The most astonishing thing about this film is the respect and wisdom with wich the tricky subject matter is treated.
In 2011 Montreal, the DJ Antoine (Kevin Parent) is about to turn 40. He is successful, healthy, has two beautiful daughters and is in a loving relationship with Rose (Evelyne Brochu). In 1969 Paris, Jacqueline (Vanessa Paradis) is raising her son Laurent (Marin Gerrier), who was born with Down’s syndrome. She has read that the boy’s life expectancy is 25, but she is determined he will live to be an old man, and she devotes her life to him.
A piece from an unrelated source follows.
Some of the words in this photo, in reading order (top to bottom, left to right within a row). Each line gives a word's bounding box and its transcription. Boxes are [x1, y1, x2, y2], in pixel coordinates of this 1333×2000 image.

In an additional link to the music, Kevin Parent and Vanessa Paradis are famous for music careers, though here they both do a sterling job in their acting roles.
Linking the two storylines in Café de Flore is the eponymous song. In Paris, Laurent listens to a jazzy piano version. In Quebec, Antoine prefers a groovy ambient cover. Much as he did in 2005’s C.R.A.Z.Y., writer-director Jean-Marc Vallée uses pop music liberally, always to sublime effect. Pink Floyd sneaks in and out of the soundtrack (Antoine’s bedside alarm clock uses the clanging bells that opens the group’s song Time). Sigur Rós plays when Antoine meets Rose, and the chorus swells at the precise moment they fall in instant love with each other. Vallée uses film the way a DJ uses music: To make you see and feel the world exactly as he does. Café de Flore is told in non-chronological order, with flashbacks within flashbacks and narratives constantly jumping back and forth across decades. But there isn’t a single moment in the movie when you’re lost or confused. Recurring images, such as a shot of Antoine’s ex-wife (Hélène Florent) driving her car in an agitated state or glimpses of a teenaged Antoine hanging around with his girlfriend and listening to The Cure, don’t mean anything at first. The great pleasure of the movie is seeing how the entire lives and histories of these characters gradually come together.
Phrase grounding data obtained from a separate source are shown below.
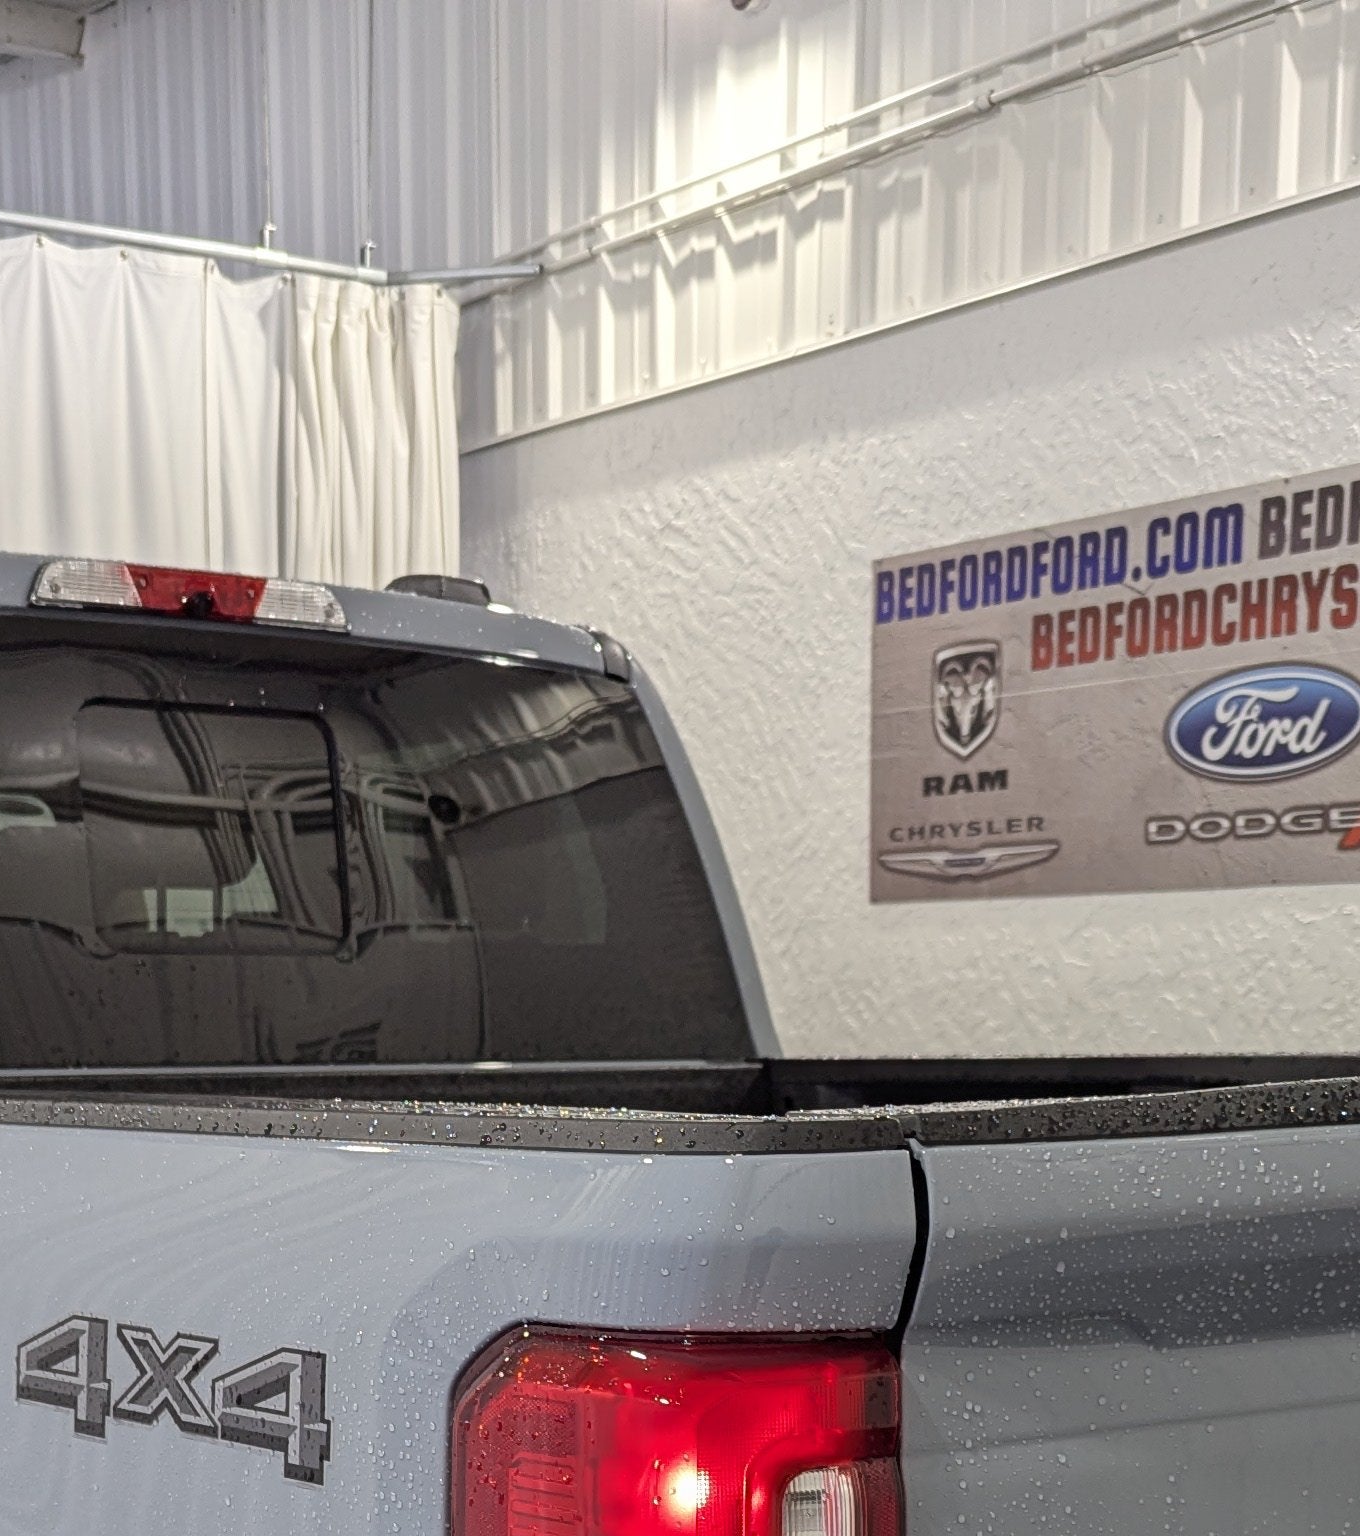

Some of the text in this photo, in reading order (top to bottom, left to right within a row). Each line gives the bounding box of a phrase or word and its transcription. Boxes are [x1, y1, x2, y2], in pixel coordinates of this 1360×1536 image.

[875, 503, 1244, 625] BEDFORDFORD.COM
[1201, 686, 1331, 761] Ford
[922, 768, 1008, 797] RAM
[889, 815, 1045, 843] CHRYSLER
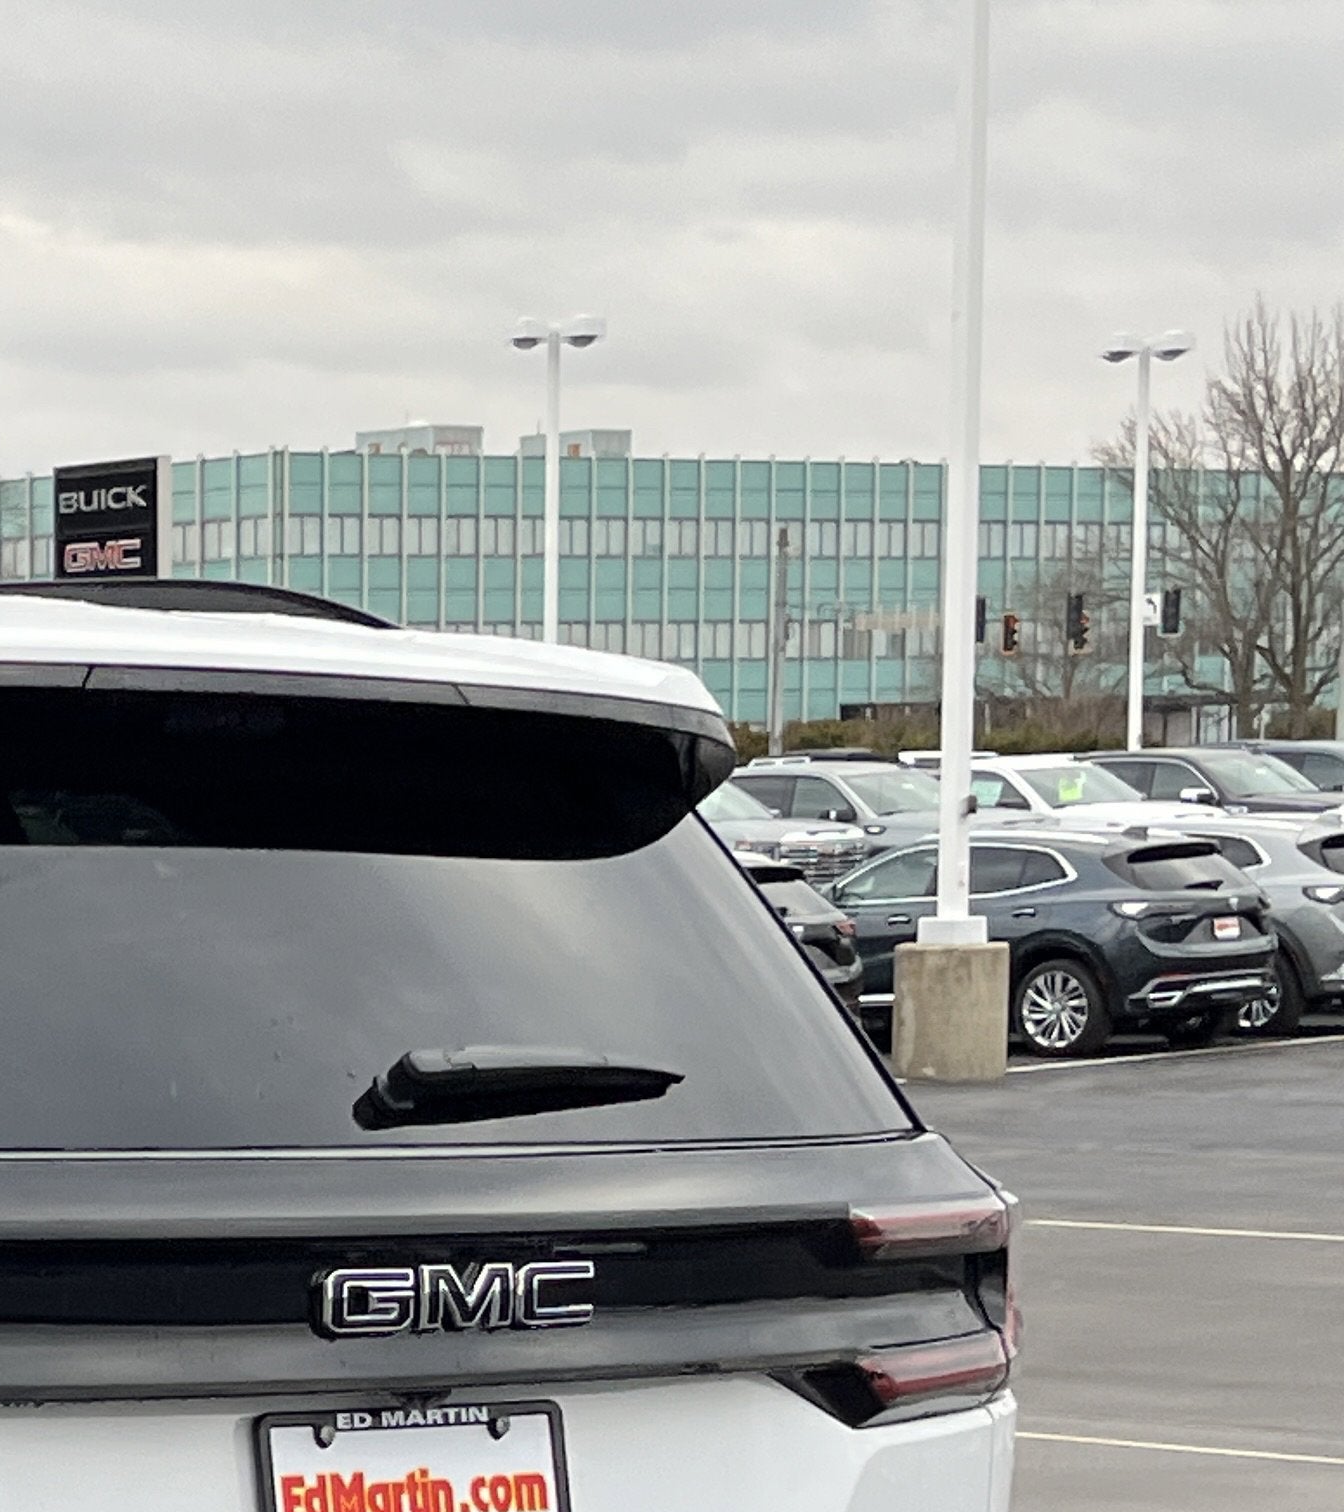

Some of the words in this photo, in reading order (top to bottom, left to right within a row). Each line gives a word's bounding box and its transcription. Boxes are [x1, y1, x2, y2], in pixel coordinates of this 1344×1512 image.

[58, 485, 148, 514] BUICK
[63, 538, 142, 573] GMC
[320, 1260, 595, 1334] GMC
[335, 1411, 372, 1430] ED
[381, 1405, 490, 1427] MARTIN
Music is a key element in the film, used as a spiritual link to combine all the elements of these characters inner lives. It is the music that saves the film from rank sentimentality, downright foolishness and the ludicrous. Vallée has brilliantly avoided all the trappings of traditional religiosity, playing with our own musical baggage. Instead he takes Pink Floyd – an album so many of us have used to journey into our own hidden depths, and Sigur Ros to guide us into the spiritual realms. We follow, hardly knowing where we are being taken. Music is represented in the cool world of a successful and wealthy DJ artist and in the attempts for a retarded child to connect with his outer world. By using musical influence in this way the spiritual aspects of the film avoid cliché completely. This leaves us with a naked opportunity to see the importance of a spiritual connection outside of themselves and the rituals that accompany them, without our own judgement clouding the vision.
Ultimately, this beautiful film may or may not actually be ‘about’ what is revealed in the final twist. What it is about, is the importance of the external in many peoples lives, and the tumultuous and profound effect that can have on human beings, for good or for bad.